Dans la province du Tanganyika, certaines personnes divulguent de messages selon lequel aucun candidat non originaire du territoire de Nyunzu ne devrait être élu lors des prochaines élections législatives nationale et provinciale prévues par la Commision électorale nationale indépendante (CENI) en décembre 2023.

Nyunzu est une localité chef-lieu de territoire de la province du Tanganyika.

Cette communication s’intensifie au sein de la communauté ainsi que sur les réseaux sociaux et sa viralité inquiète.

« Nous disons non aux non originaires de Nyunzu à l’élection de 2023 » est la rumeur collectée et traitée par l’équipe du bulletin Sango ya Bomoko dans la 11e édition.

Ce message fait suite à un mécontentement observé au sein de la population qui déplore le fait que des leaders locaux n’ont pas été retenus sur des listes des partis politiques au détriment de ceux qu’elle qualifie des étrangers, c’est-à-dire des candidats venus de l’extérieur du territoire de Nyunzu pour espérer se faire élire dans cette partie de la province du Tanganyika. C’est ce que fait savoir Ketila Muteni Aimée, coordonnatrice adjointe de la société civile, forces vives du Tanganyika.
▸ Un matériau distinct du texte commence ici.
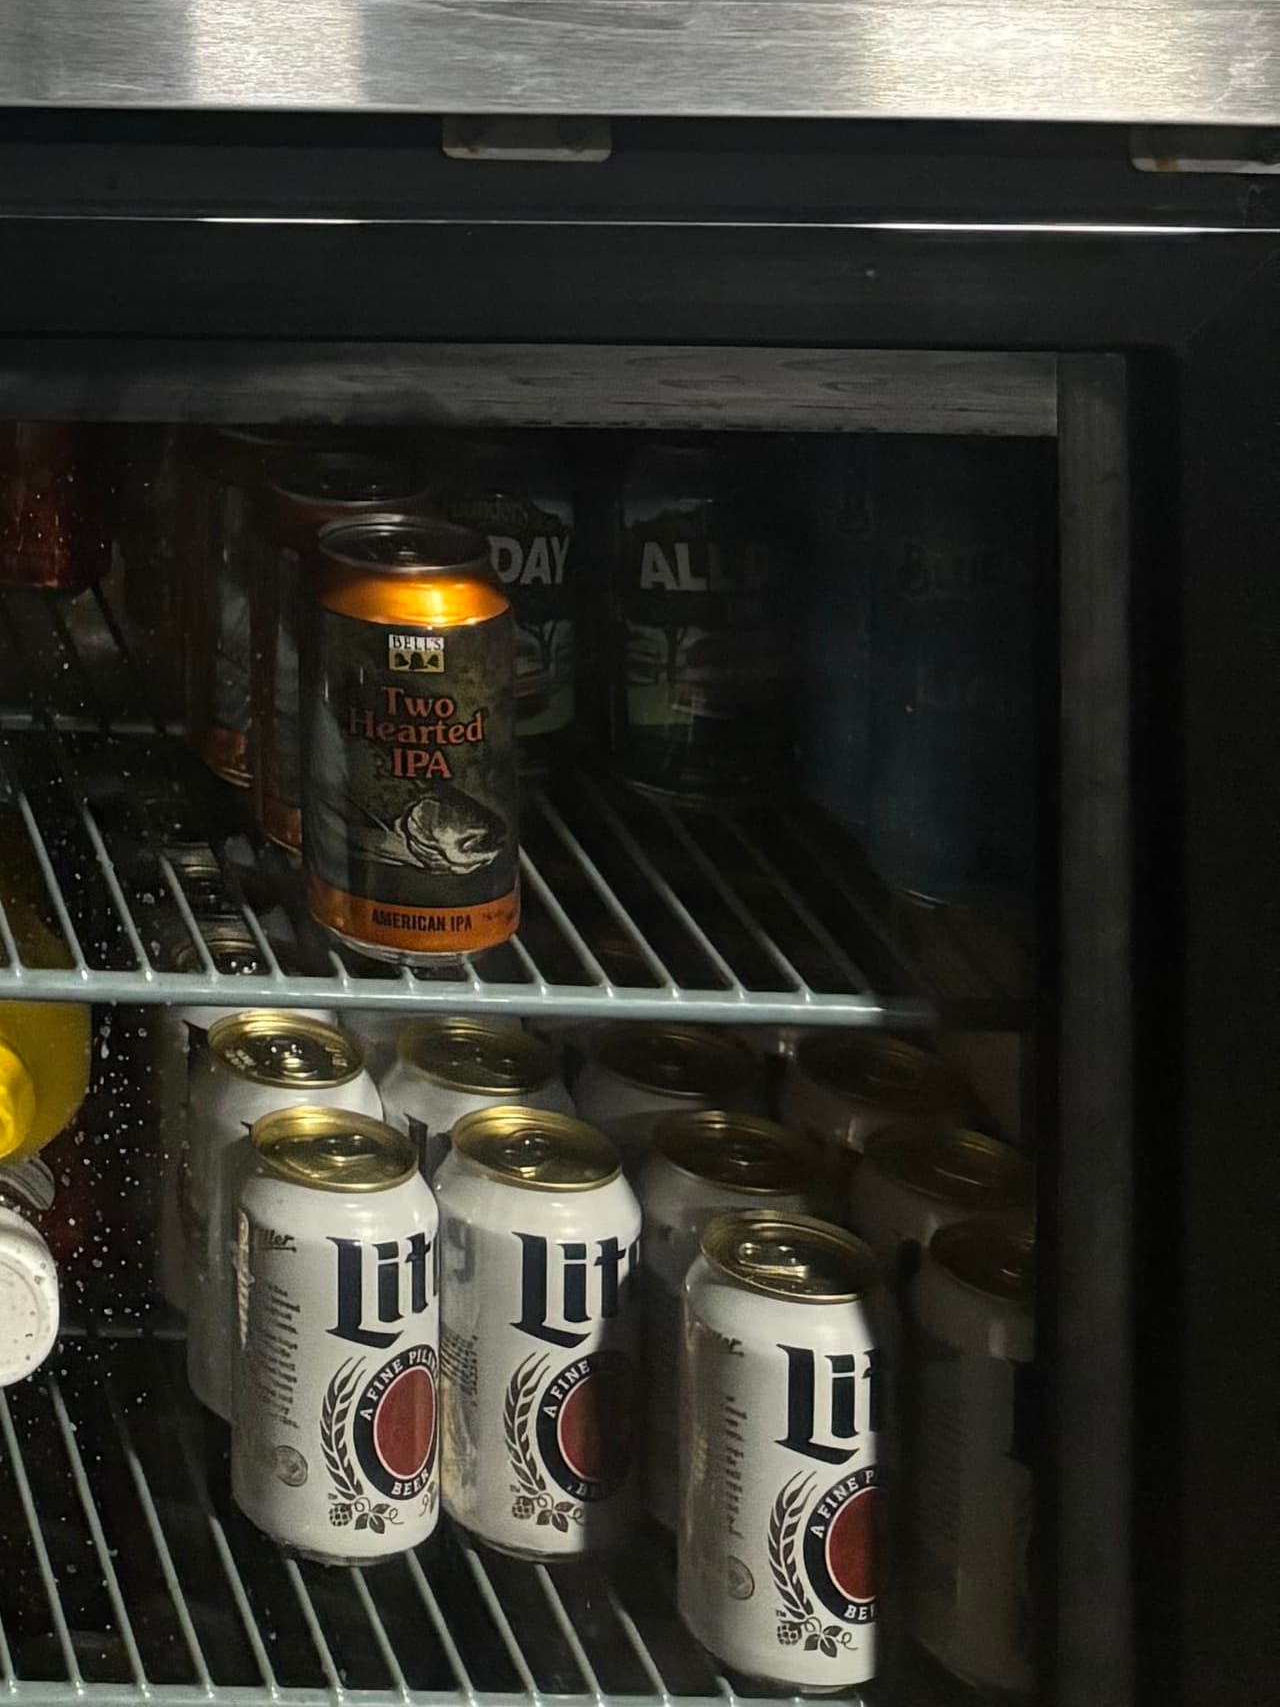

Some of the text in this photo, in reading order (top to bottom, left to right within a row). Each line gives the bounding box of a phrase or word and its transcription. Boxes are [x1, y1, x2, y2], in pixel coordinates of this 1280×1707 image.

« Ce qui est vrai est que la population se révolte de voir que certains leaders du territoire n’ont pas été alignés sur la liste des candidats au profit des personnes qu’ils ne voient pas sur le terrain et qu’elle considère comme des opportunistes qui viennent juste récupérer l’électorat et disparaître. C’est ainsi que la jeunesse de Nyunzu et même de Kalemie n’accepte pas cette pratique, raison pour laquelle il y a des voix qui se lèvent pour dénoncer et éveiller la conscience de la population de ne pas voter pour les “importés” », a déclaré Ketila Muteni Aimée

Mais que dit la loi par rapport à cette question, faut-il être originaire d’une entité pour postuler dans cette circonscription électorale ?

En parcourant la constitution a son article 13 de la Constitution, il est mentionné qu’« aucun Congolais ne peut, en matière d’éducation et d’accès aux fonctions publiques ni en aucune autre matière, faire l’objet d’une mesure discriminatoire, qu’elle résulte de la loi ou d’un acte de l’exécutif, en raison de sa religion, de son origine familiale, de sa condition sociale, de sa résidence, de ses opinions ou de ses convictions politiques, de son appartenance à une race, à une ethnie, à une tribu, à une minorité culturelle ou linguistique ».

Lydie Kapinga, experte en information et éducation électorale, précise que rien ne peut empêcher un citoyen congolais en ordre avec ce qu’exige la loi de postuler dans la circonscription électorale de son choix.

« Ce qui veut dire qu’originaire ou non originaire, tout Congolais qui réunit les conditions requises par la loi est libre de postuler et aussi libre d’élire la personne de son choix », a indiqué Lydie Kapinga.

L’article 10 de la loi électorale n° 22-029 du 29 juin 2022 traite des cas d’inéligibilité.